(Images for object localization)
----
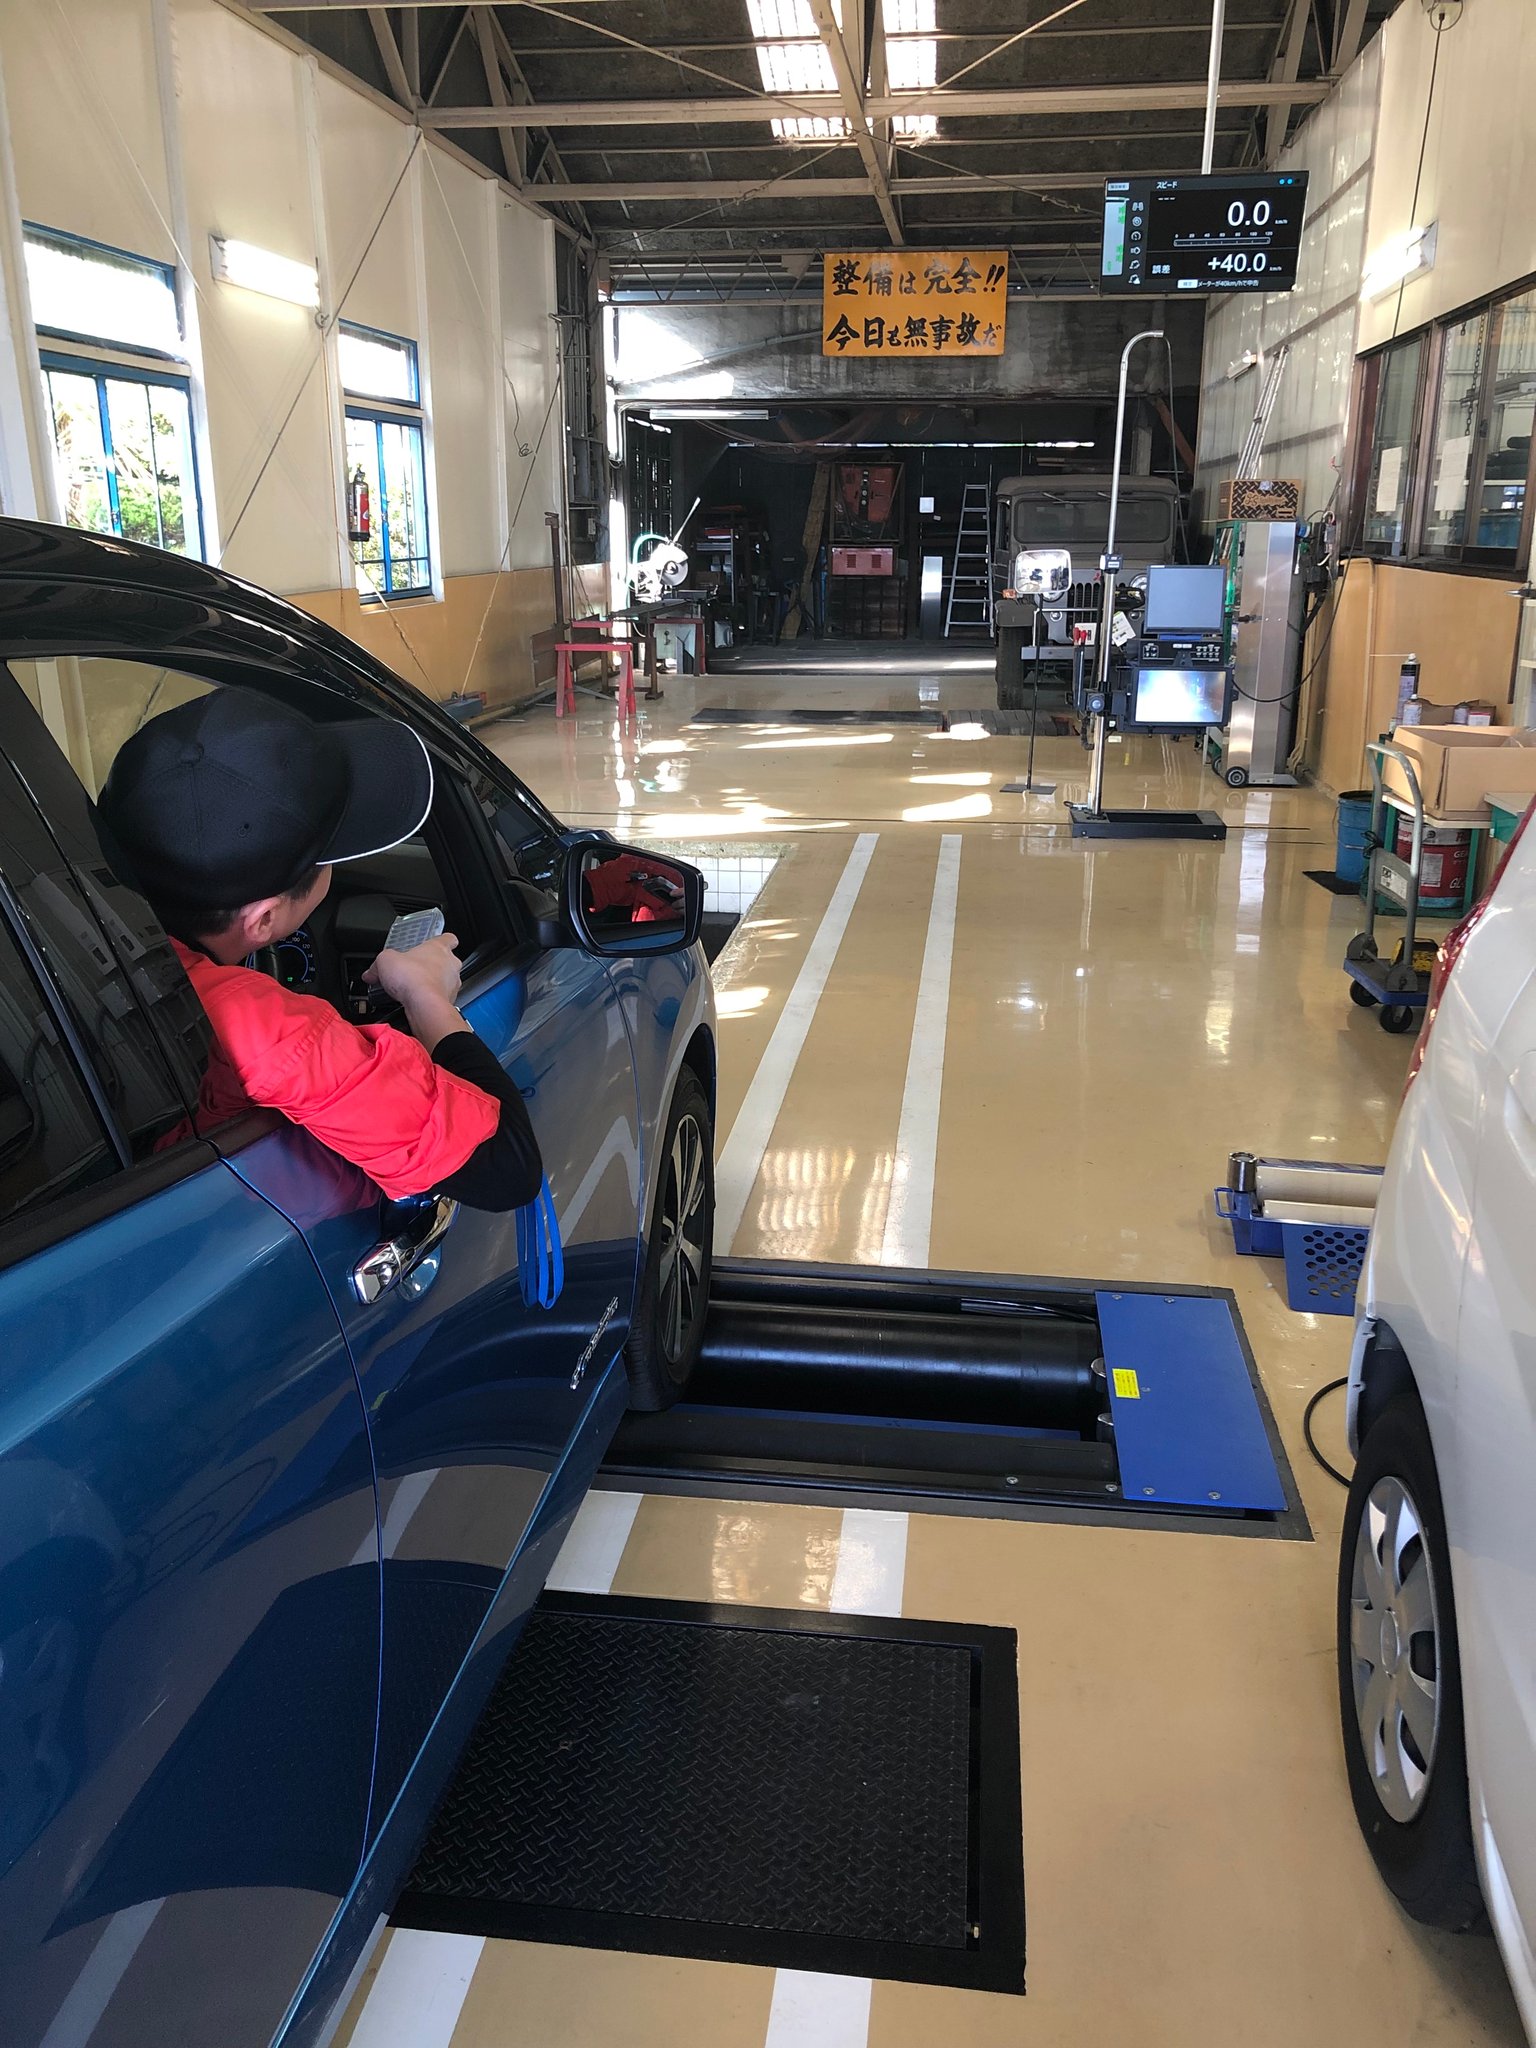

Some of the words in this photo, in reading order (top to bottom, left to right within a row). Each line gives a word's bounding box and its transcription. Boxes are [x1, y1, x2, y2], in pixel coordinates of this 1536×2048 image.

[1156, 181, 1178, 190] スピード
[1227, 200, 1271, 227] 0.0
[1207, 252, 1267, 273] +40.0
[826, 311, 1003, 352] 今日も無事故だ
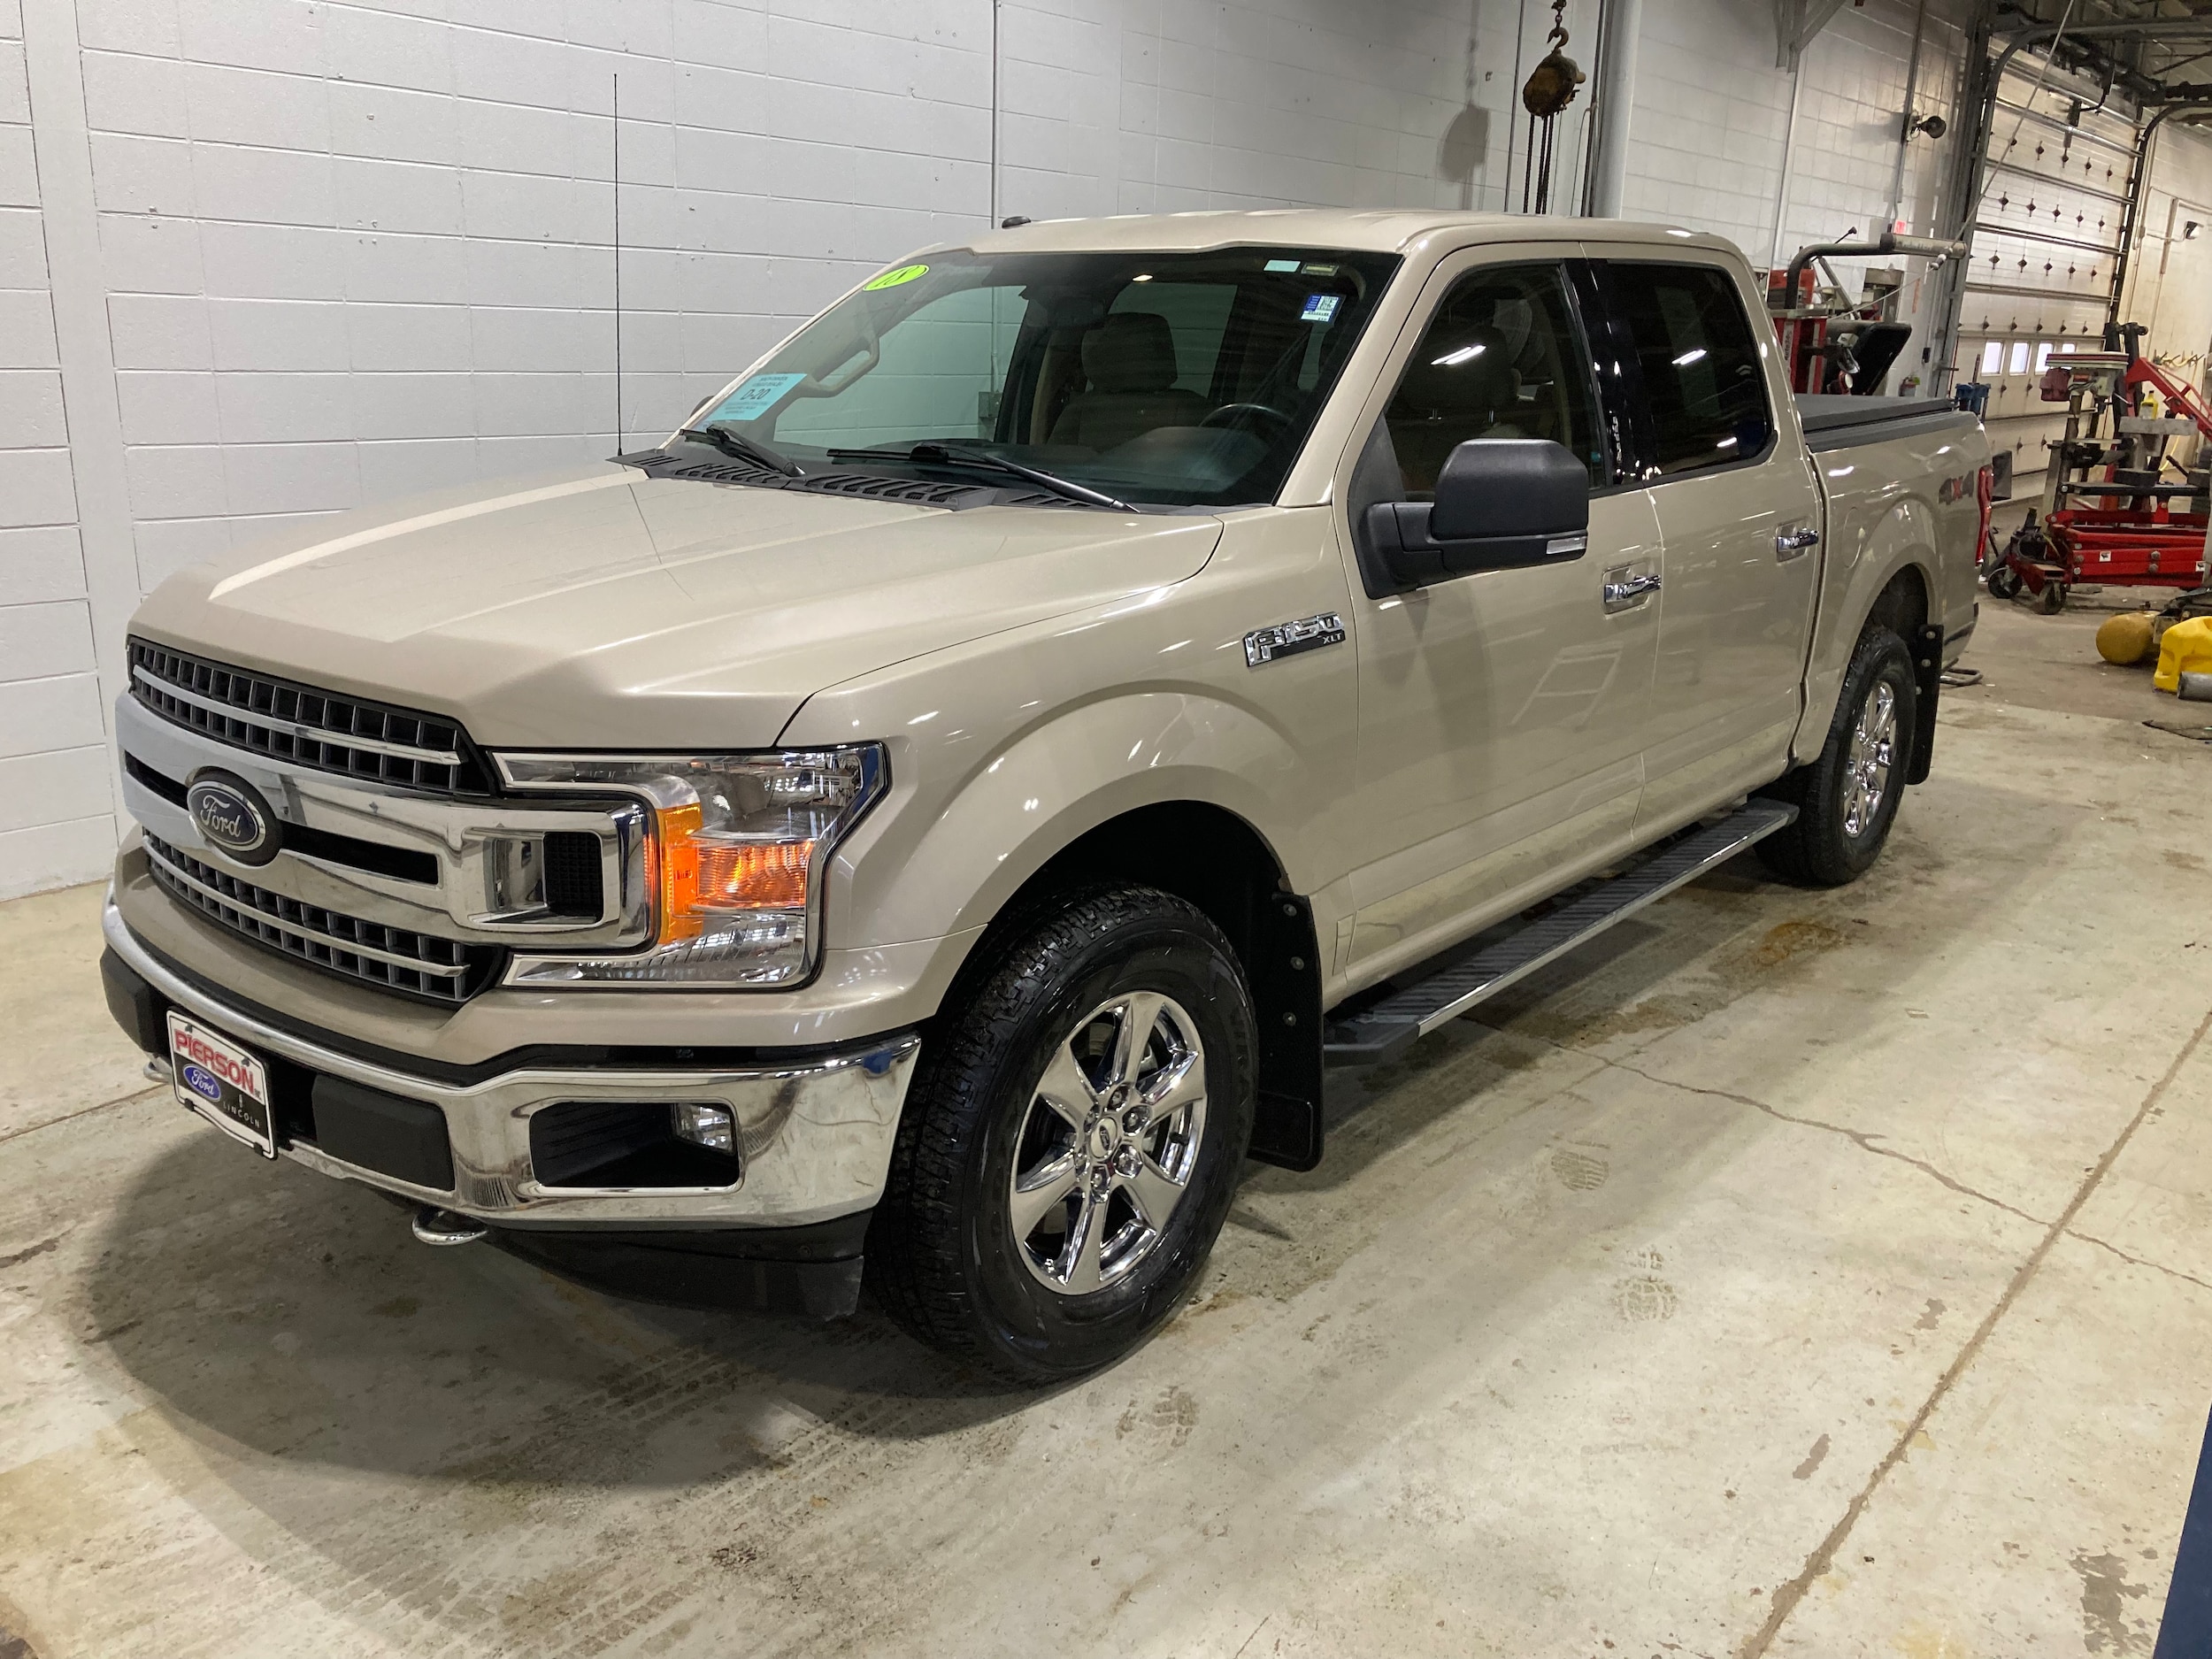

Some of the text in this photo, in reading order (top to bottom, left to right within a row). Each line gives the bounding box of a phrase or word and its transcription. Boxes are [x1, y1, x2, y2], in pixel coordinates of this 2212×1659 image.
----
TASK INSTRUCTIONS: Could each line of the data be written out exactly, with no pictures included?

RESPONSE TO THIS EXERCISE:
Some of the words in this photo, in reading order (top to bottom, left to right within a row). Each line gives a word's bounding box and its transcription. Boxes are [x1, y1, x2, y2], in pixel coordinates of this 1536×2048 image.

[1156, 181, 1178, 190] スピード
[1227, 200, 1271, 227] 0.0
[1207, 252, 1267, 273] +40.0
[826, 311, 1003, 352] 今日も無事故だ

Some of the text in this photo, in reading order (top to bottom, left to right within a row). Each line gives the bounding box of a phrase or word and its transcription. Boxes are [x1, y1, x2, y2], in pixel coordinates of this 2212×1659 image.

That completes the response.